# Few questions on my splits please, need advice



## beepro (Dec 31, 2012)

Don't worry about the dearth right now.
You're in FL so there is always something for the bees.
Feed them patty subs when things slow down.
Your main goal now is to even out the hives so that the
bee strength is balance. For better understanding, I will now
label your split hive# 1 as A, hive #2 as B, and hive #3 as C.
Since I don't know how your nucs are arranged, I can only
give some examples of my own. Assuming that they all are line
up facing the same direction on a hive stand, I would take hive C (split #3)
away from the stand the day before the sunset. Move hive A (split #1) into hive C (split #3)'s position. And hive C into hive A's position on the bee stand. This is call a hive position swap. 

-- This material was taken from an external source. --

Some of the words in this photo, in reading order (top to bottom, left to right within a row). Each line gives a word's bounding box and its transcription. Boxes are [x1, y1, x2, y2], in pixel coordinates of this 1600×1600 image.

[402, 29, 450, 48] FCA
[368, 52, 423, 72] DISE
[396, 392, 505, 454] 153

What will happen here after the position swap, on the next day the foragers from hive A will go into hive C. The foragers from hive C will go into hive A. Instantly the bee population should boost up a bit. 
And what to do with hive C (split #3)? It is queen less now so the chances of developing a LWs later on is very high. You cannot reuse this hive for another QC. I recommend to combine with hive A later on, frames and all. Remember to use the proper introduction method to avoid killing the queen in hive A. 
Hive B looks like it is going to have some LWs. Hopefully the virgin should be mated and
start laying soon. Dealing with the LWs situation is another story later on. Hope not!


----------



## RayMarler (Jun 18, 2008)

I myself might give hive 3 a frame with eggs from your strongest hive. They would draw queen cells if needed, and if not, it will be a boost to the hive. 

I might let hive 1 and 2 stay as they are for a week and re-evaluate. Sometimes a freshly mated queen will lay multi eggs, she may clear up. If she does not, then pinch her and give that hive 2 a frame of eggs also.

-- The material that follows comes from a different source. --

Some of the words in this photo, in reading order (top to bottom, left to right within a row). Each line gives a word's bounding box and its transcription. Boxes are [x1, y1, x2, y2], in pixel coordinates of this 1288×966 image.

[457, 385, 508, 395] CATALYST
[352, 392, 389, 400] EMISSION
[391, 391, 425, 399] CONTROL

I would not give hive 1 a feeder, as they can use what they have raising brood in order to clear out some comb for laying. As current brood emerges, she'll have room to lay more, and they'll use the stores to feed them, or may start drawing more wax.

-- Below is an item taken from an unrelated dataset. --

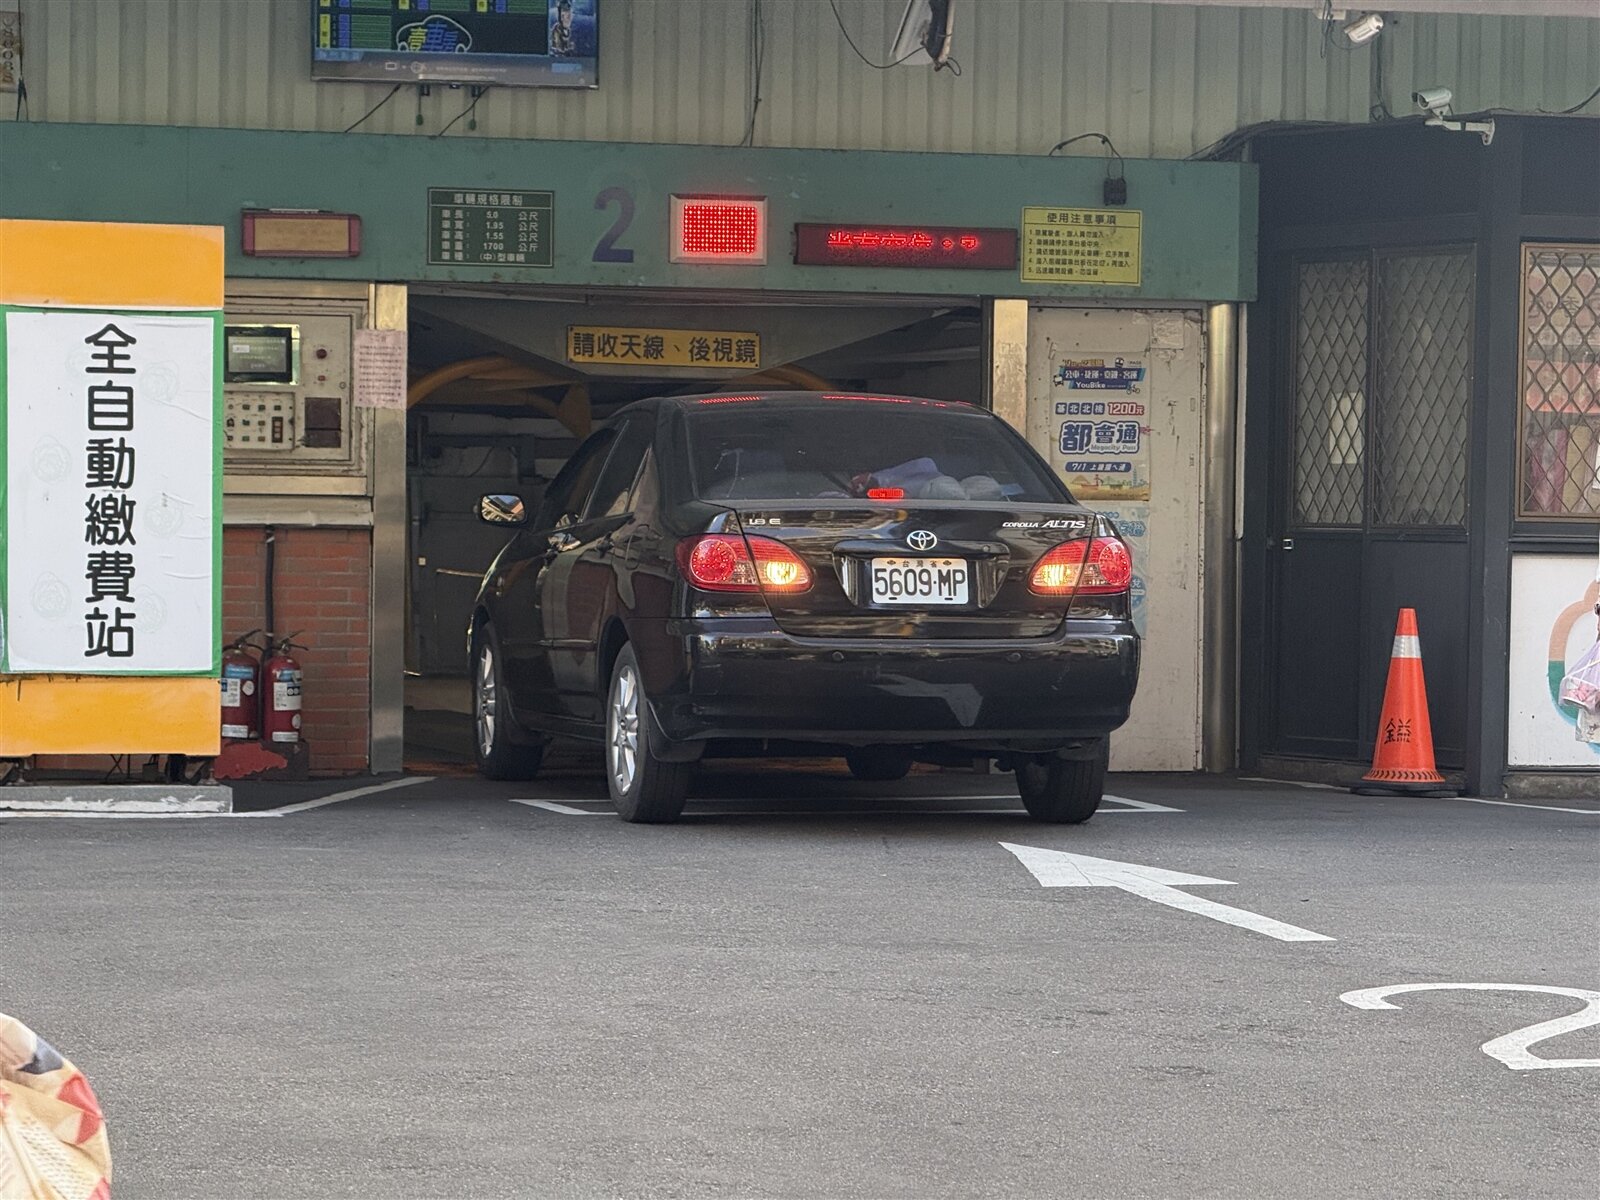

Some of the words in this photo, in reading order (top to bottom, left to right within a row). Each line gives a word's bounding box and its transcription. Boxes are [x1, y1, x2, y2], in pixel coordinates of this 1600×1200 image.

Keep in mind, it takes enough of a balance of ages of populations in a hive in order to raise brood and draw wax. It may take a little time for things to get rolling.


----------



## beepro (Dec 31, 2012)

In the current situation with hive #3, after 21 days without a queen, going
another round of QC will put this hive almost 2 months behind. Might as well
give it a mated queen for a possible solution. My experience with this type of
a situation was that they will develop the LWs (laying workers) later on even
with the virgin running around. And it will be an ugly scene with more LWs that
you have to shake out eventually in a more populous hive. You might be lucky that
the virgin may get mated. But the LWs wasn't too favorable to their new queen that I've
found out. Is that what you like to see later on?
Another way to keep hive #3 is to use 3 frames of bees from another strong hive. So basically you
are starting with some fresh frames of bees into a nuc hive. The older bees with frames and all, in the original hive #3 you have to combine with a queen right hive with the proper bee introduction method. With the now new frames of
bees in hive #3, you can either introduce a QC or a frame of bees with eggs/larvae to make some QCs. The existing foragers
in hive #3 will take good care of feeding the hive while allowing the QCs to develop. Waiting almost 2 months for
a potential mated queen is too risky on this bee adventure!


----------



## Coach62 (Mar 26, 2016)

Thanks, all good info. Since its been 3 weeks, I assume I should give it another week just in case:

The queen in hive 2 gets right and

Hoping that there is a queen somewhere in hive 3. For all I know she was on a mating flight. It had 3 QC in it so there should be a queen somewhere. 

Also, the frame with multiple eggs per cell, what should I do with it? Some cells have only one egg. Also, I don't know if it's a LW or not as all of the eggs were more or less center bottom of the cell. I thought LWs placed the eggs on the sides of the cells?


----------



## Coach62 (Mar 26, 2016)

RayMarler said:


> I myself might give hive 3 a frame with eggs from your strongest hive. They would draw queen cells if needed, and if not, it will be a boost to the hive.
> 
> Keep in mind, it takes enough of a balance of ages of populations in a hive in order to raise brood and draw wax. It may take a little time for things to get rolling.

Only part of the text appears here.